Table 2 RT studies in healthy, community-dwelling older adults
Table 3 RT studies in older women
Table 4 RT studies in obesity/sarcopenic obesity
Table 5 RT + supplement or dietary control studies

Healthy, Community-Dwelling Older Adults

Studies included in this sub-group (n = 11) investigated various RT approaches to WL and, more importantly, fat mass (FM) reduction while preserving lean muscle mass (LMM) in community-dwelling older adults with no overt co-morbidity (Table 2). All studies except one [13] utilized selectorized resistance exercise machines, and common to all investigations was the recognition that WL alone is an inappropriate marker of RT effectiveness in this population and that RT interventions leading to reduced BM are only of value if researchers can demonstrate LBM was preserved in the process. Accordingly, the gold standard for a RT protocol designed for healthy older adults is one that is oriented to changes in body composition, where FM decreases, LMM increases, and total BM might remain unchanged.
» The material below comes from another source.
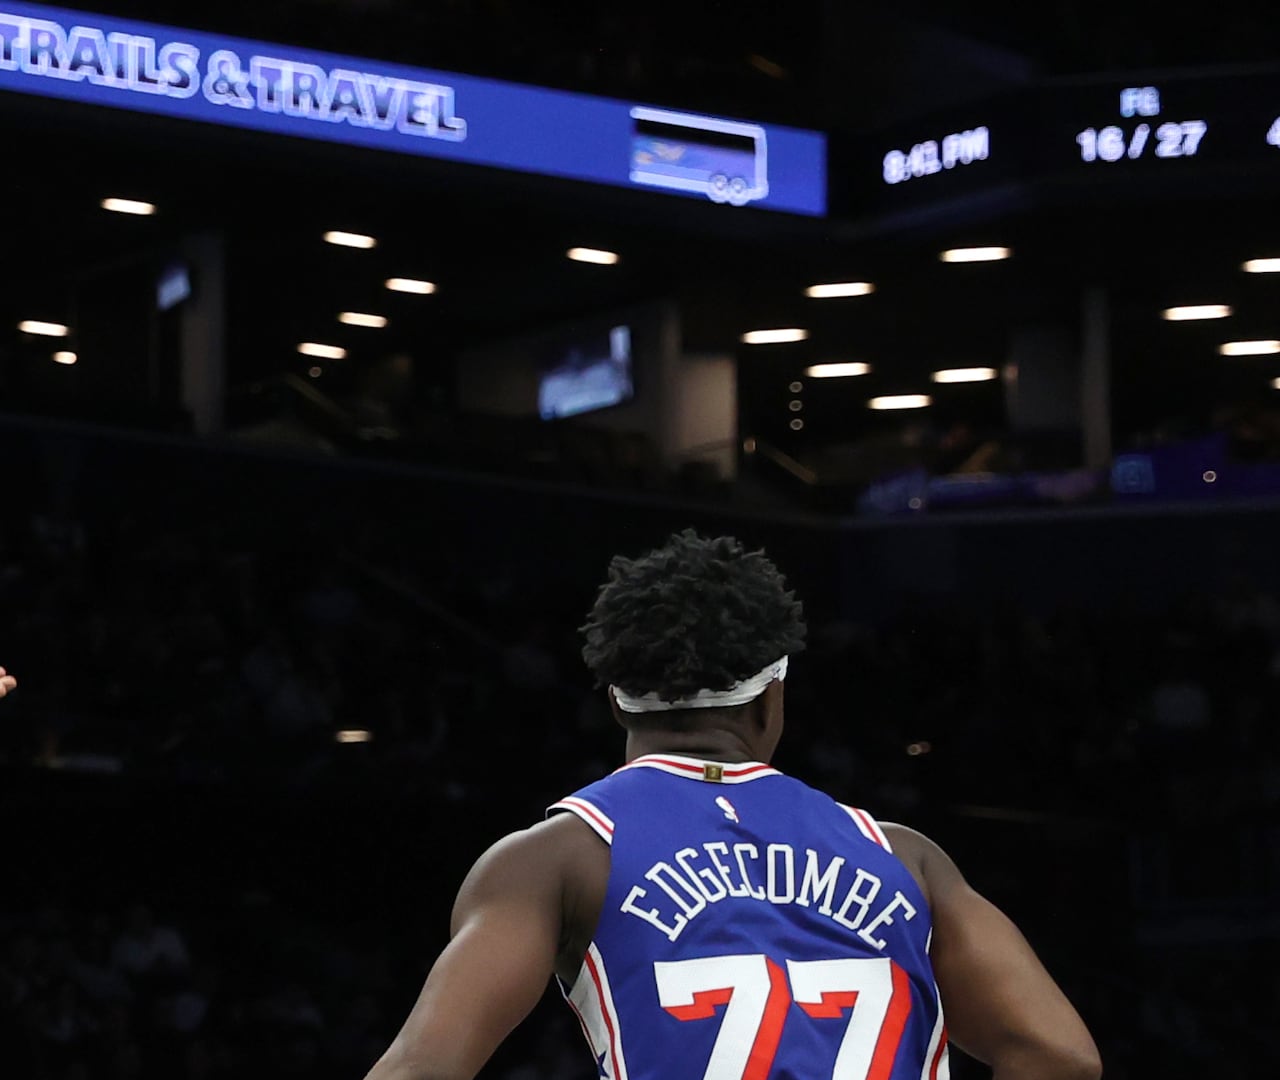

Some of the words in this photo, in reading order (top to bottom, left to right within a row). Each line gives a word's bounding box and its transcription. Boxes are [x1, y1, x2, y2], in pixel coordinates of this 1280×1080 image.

An investigation that appears to have most effectively reached this target is that of Gambassi et al. [8], in which the researchers' experimental RT protocol was able to facilitate both a significant increase in FFM (pre: 38.0 ± 1.5 kg vs. post: 42.0 ± 1.4 k, p < 0.05) and a significant decrease in FM (pre: 23.0 ± 1.2 kg vs. post: 20.0 ± 1.1 kg, p < 0.05) in a cohort of older adults performing 12 weeks of twice-weekly RT. Of particular note was the researchers' decision to utilize repetitions performed to temporary muscular failure and a high overall exercise intensity (80% maximum load) at this population's upper recommended [19] limit. It must be noted, however, that the author’s observed LBM increase of approximately four kilograms in the experimental group over the 12-week intervention is significantly higher than those reported in similar studies [40, 41]. Given the relatively low sample size of the author’s intervention group (n = 13), it may be prudent to consider this response magnitude an outlier until an appropriately powered replication study can be conducted.

Older Women

Similar to RT programming for healthy older adults discussed above, the guiding principle underlining the gold standard of RT programs designed for older women is not the attainment of BM losses as a sole end goal, but rather the achievement of reductions in FM while maintaining or increasing LBM [10, 12, 17, 20, 21]. The major distinction between the previous sub-group and the current population is the need to ensure, at minimum, the maintenance of LBM in structured exercise programs is elevated in older women compared to older men. [21, 22] The relative loss of muscle mass and strength with age has been reported to be similar for men and women. [23] However, the loss of LBM and strength may represent a more significant health concern for women. [24] Compared to men, women typically have more frequent and severe problems with sarcopenia, functional capacity, frailty and disability. [25]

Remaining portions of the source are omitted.